Transcribe everything in the listing as written, and let no image into the copy.

■ ■ ■ ■

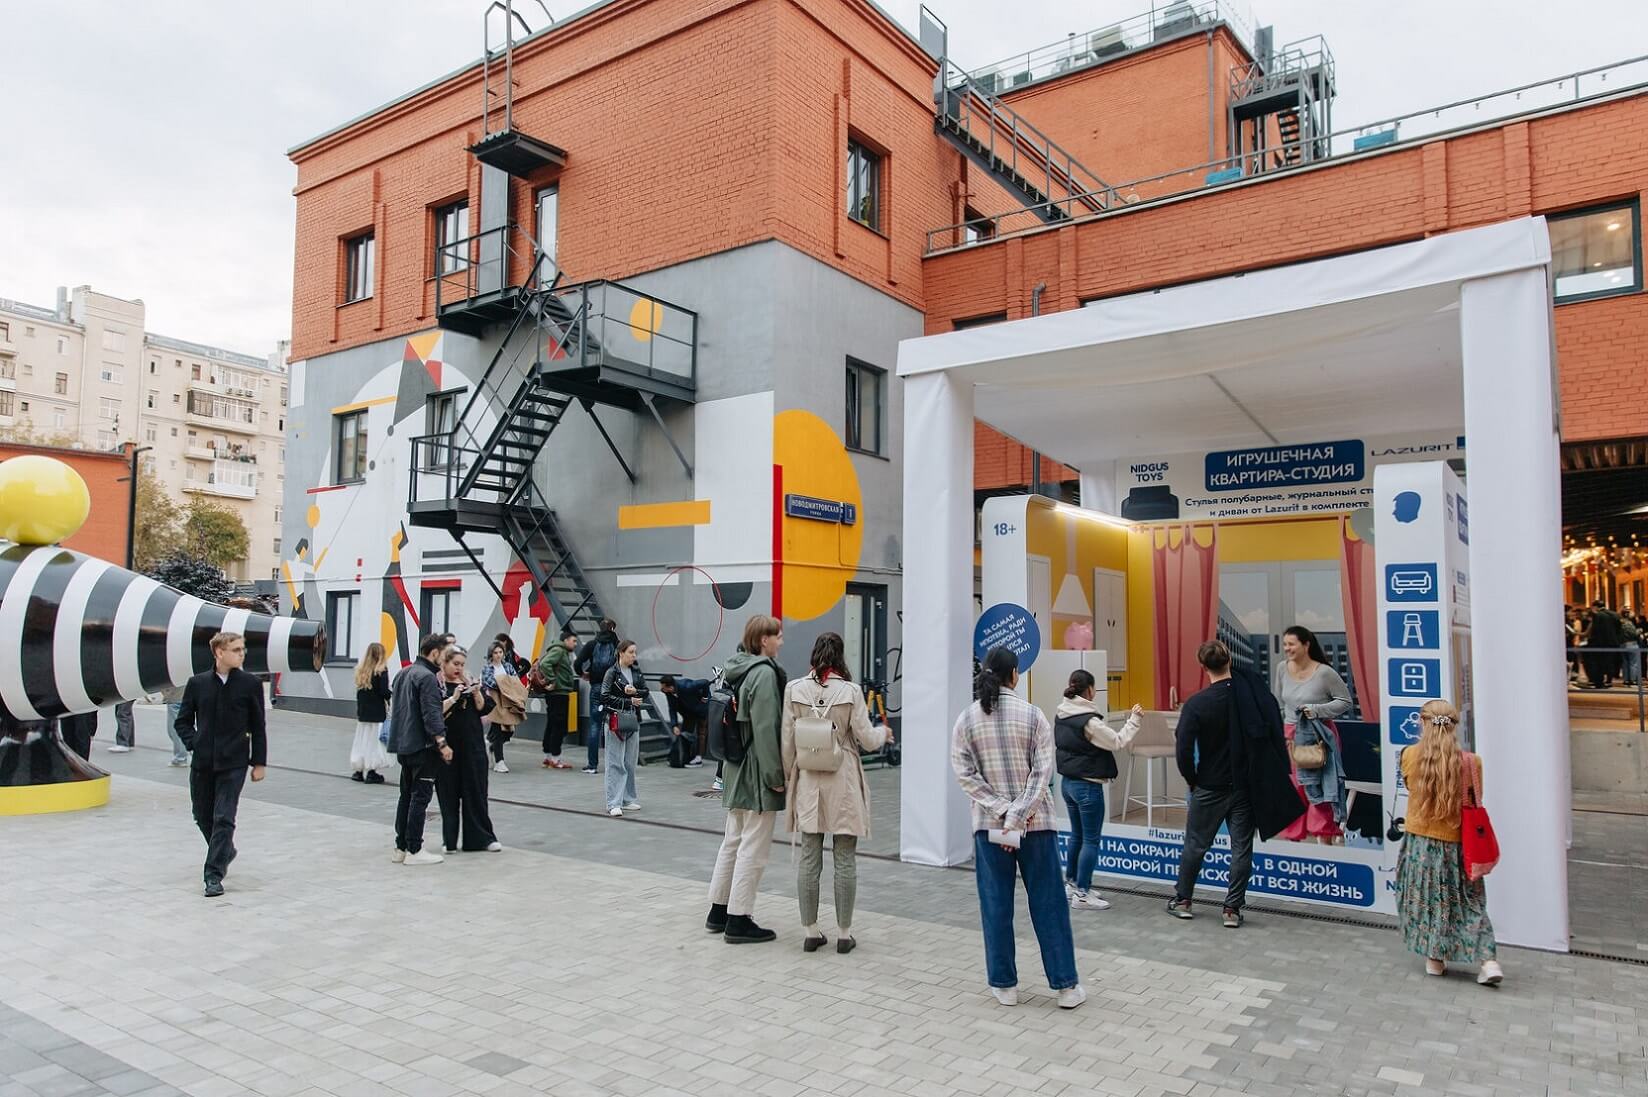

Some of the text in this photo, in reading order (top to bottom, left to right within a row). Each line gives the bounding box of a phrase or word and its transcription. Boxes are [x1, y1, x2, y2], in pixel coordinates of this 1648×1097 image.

[1226, 446, 1334, 467] ИГРУШЕЧНАЯ
[1371, 443, 1455, 457] LAZURIT
[1130, 462, 1169, 473] NIDGUS
[1210, 464, 1355, 486] КВАРТИРА-СТУДИЯ
[1136, 472, 1164, 482] TOYS
[1184, 498, 1218, 507] Стулья
[1221, 494, 1285, 505] полубарные,
[1288, 487, 1357, 500] журнальный
[1218, 508, 1249, 518] диван
[1265, 502, 1299, 513] Lazurit
[1311, 501, 1370, 511] комплекте
[993, 522, 1017, 536] 18+
[991, 614, 1015, 631] САМАЯ
[1008, 617, 1026, 631] РАДИ
[1015, 626, 1026, 636] ТЫ
[1107, 841, 1127, 854] НА
[1129, 843, 1183, 860] ОКРАИН
[1264, 858, 1274, 871] В
[1277, 860, 1338, 878] ОДНОЙ
[1098, 855, 1161, 874] КОТОРОЙ
[1267, 877, 1298, 891] ВСЯ
[1301, 880, 1364, 900] ЖИЗНЬ

■ ■ ■ ■

Solution to this exercise:
Some of the text in this photo, in reading order (top to bottom, left to right within a row). Each line gives the bounding box of a phrase or word and its transcription. Boxes are [x1, y1, x2, y2], in pixel coordinates of this 1648×1097 image.

[1226, 446, 1334, 467] ИГРУШЕЧНАЯ
[1371, 443, 1455, 457] LAZURIT
[1130, 462, 1169, 473] NIDGUS
[1210, 464, 1355, 486] КВАРТИРА-СТУДИЯ
[1136, 472, 1164, 482] TOYS
[1184, 498, 1218, 507] Стулья
[1221, 494, 1285, 505] полубарные,
[1288, 487, 1357, 500] журнальный
[1218, 508, 1249, 518] диван
[1265, 502, 1299, 513] Lazurit
[1311, 501, 1370, 511] комплекте
[993, 522, 1017, 536] 18+
[991, 614, 1015, 631] САМАЯ
[1008, 617, 1026, 631] РАДИ
[1015, 626, 1026, 636] ТЫ
[1107, 841, 1127, 854] НА
[1129, 843, 1183, 860] ОКРАИН
[1264, 858, 1274, 871] В
[1277, 860, 1338, 878] ОДНОЙ
[1098, 855, 1161, 874] КОТОРОЙ
[1267, 877, 1298, 891] ВСЯ
[1301, 880, 1364, 900] ЖИЗНЬ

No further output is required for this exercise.